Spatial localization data
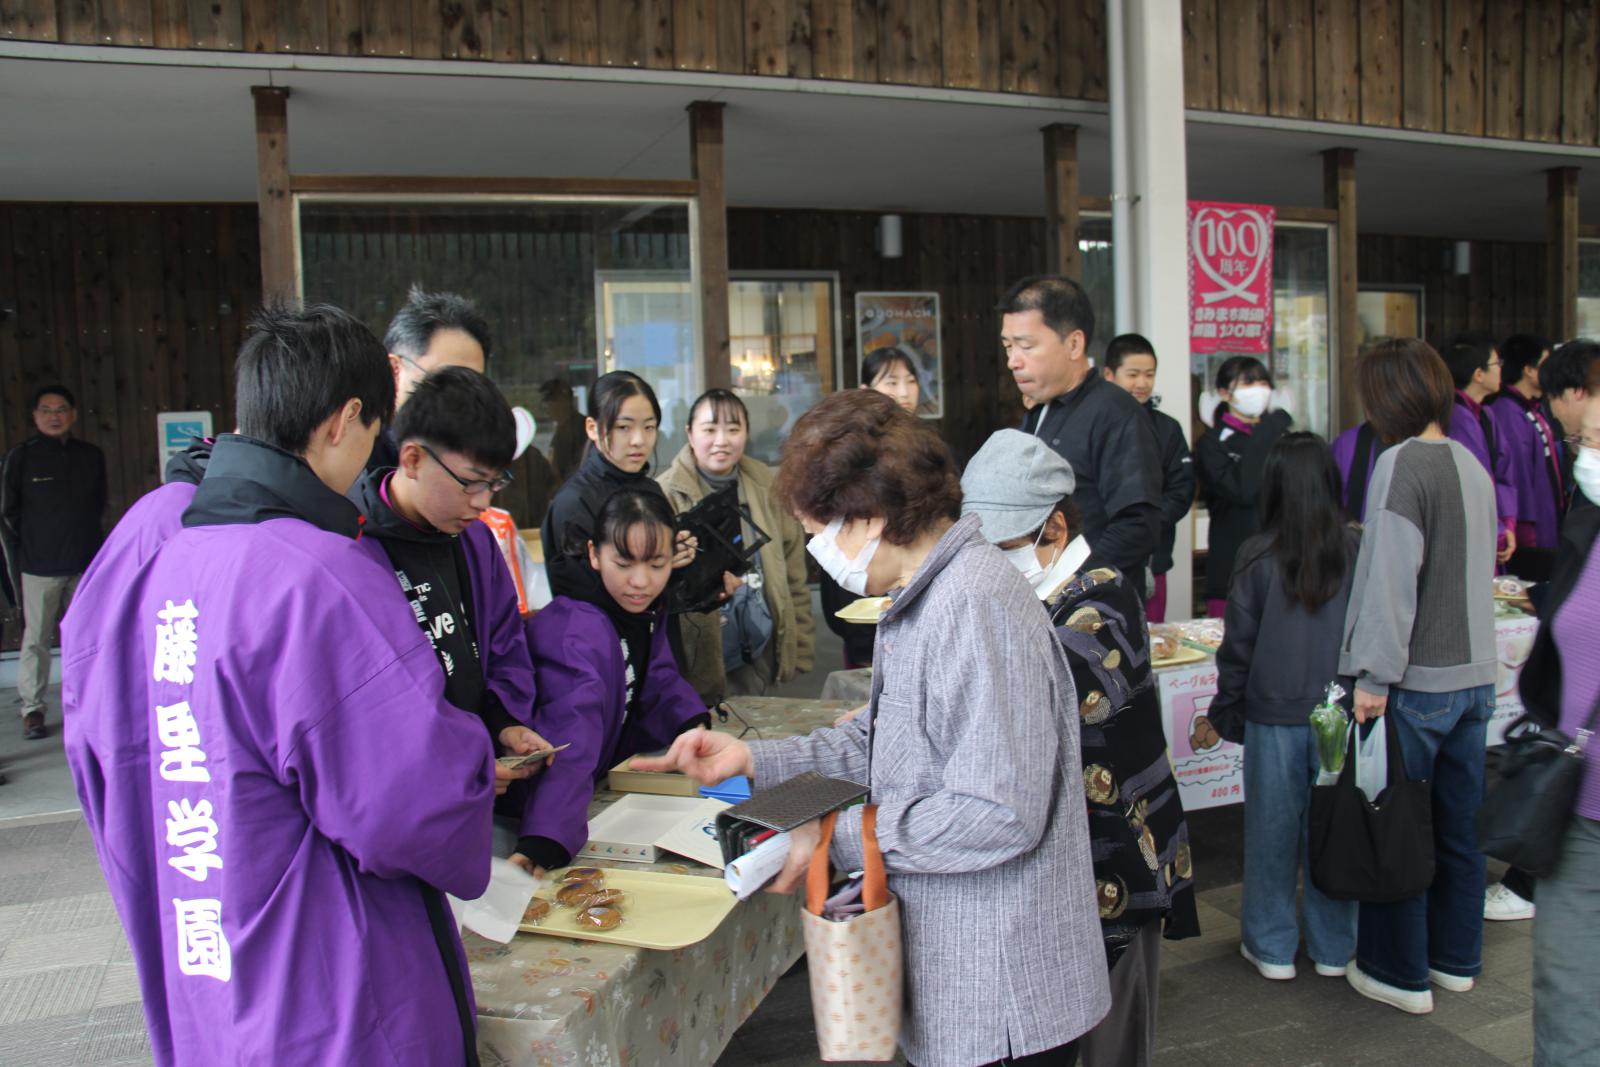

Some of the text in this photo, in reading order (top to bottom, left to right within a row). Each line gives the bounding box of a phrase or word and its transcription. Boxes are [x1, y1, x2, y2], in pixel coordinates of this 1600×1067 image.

[1200, 218, 1259, 257] 100
[1220, 258, 1249, 277] 周年
[153, 599, 232, 982] 藤里学園
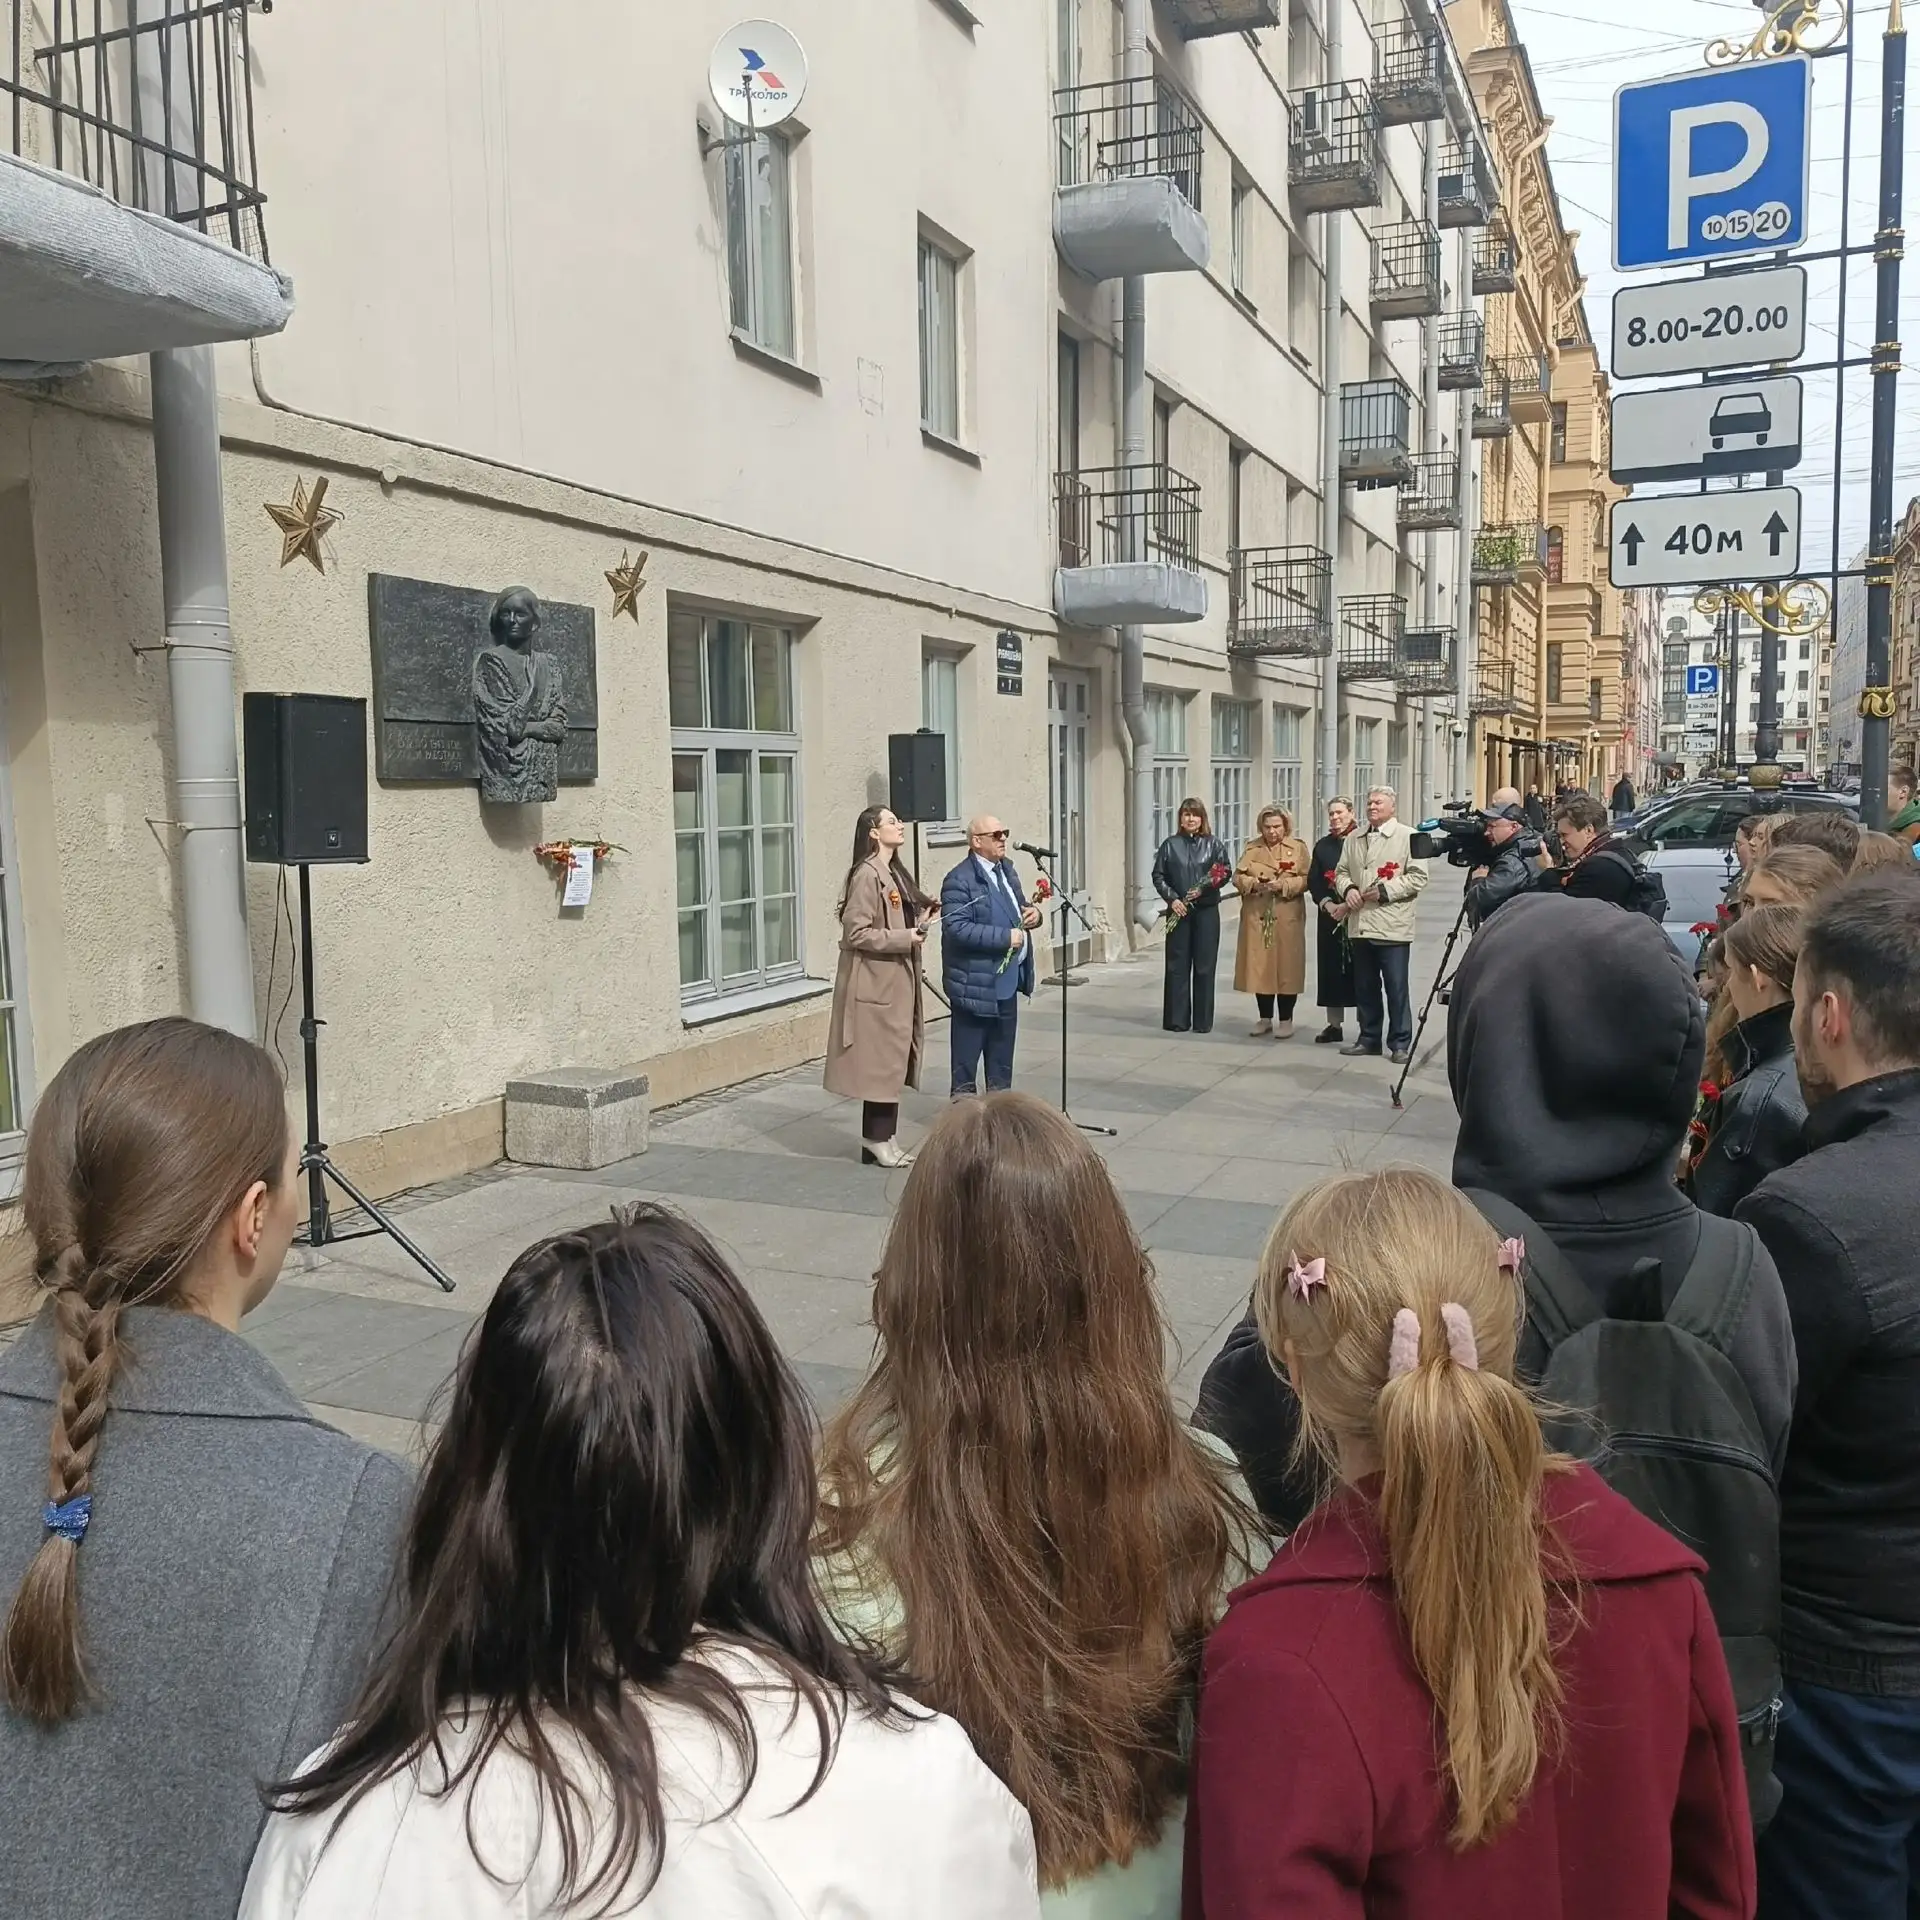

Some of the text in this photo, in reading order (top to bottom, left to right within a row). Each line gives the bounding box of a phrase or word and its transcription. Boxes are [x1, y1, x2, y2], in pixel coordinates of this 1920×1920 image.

[729, 87, 788, 100] ТРИКОЛОР
[1668, 101, 1769, 250] P
[1707, 208, 1787, 234] 10 15 20
[1627, 305, 1788, 347] 8.00-20.00
[1694, 667, 1713, 692] P

### Your assignment
Extract all the data above exactly, excluding every picture.

### Your response
Some of the text in this photo, in reading order (top to bottom, left to right within a row). Each line gives the bounding box of a phrase or word and its transcription. Boxes are [x1, y1, x2, y2], in pixel coordinates of this 1600×1067 image.

[1200, 218, 1259, 257] 100
[1220, 258, 1249, 277] 周年
[153, 599, 232, 982] 藤里学園

Some of the text in this photo, in reading order (top to bottom, left to right within a row). Each line gives the bounding box of a phrase or word and its transcription. Boxes are [x1, y1, x2, y2], in pixel coordinates of this 1920×1920 image.

[729, 87, 788, 100] ТРИКОЛОР
[1668, 101, 1769, 250] P
[1707, 208, 1787, 234] 10 15 20
[1627, 305, 1788, 347] 8.00-20.00
[1694, 667, 1713, 692] P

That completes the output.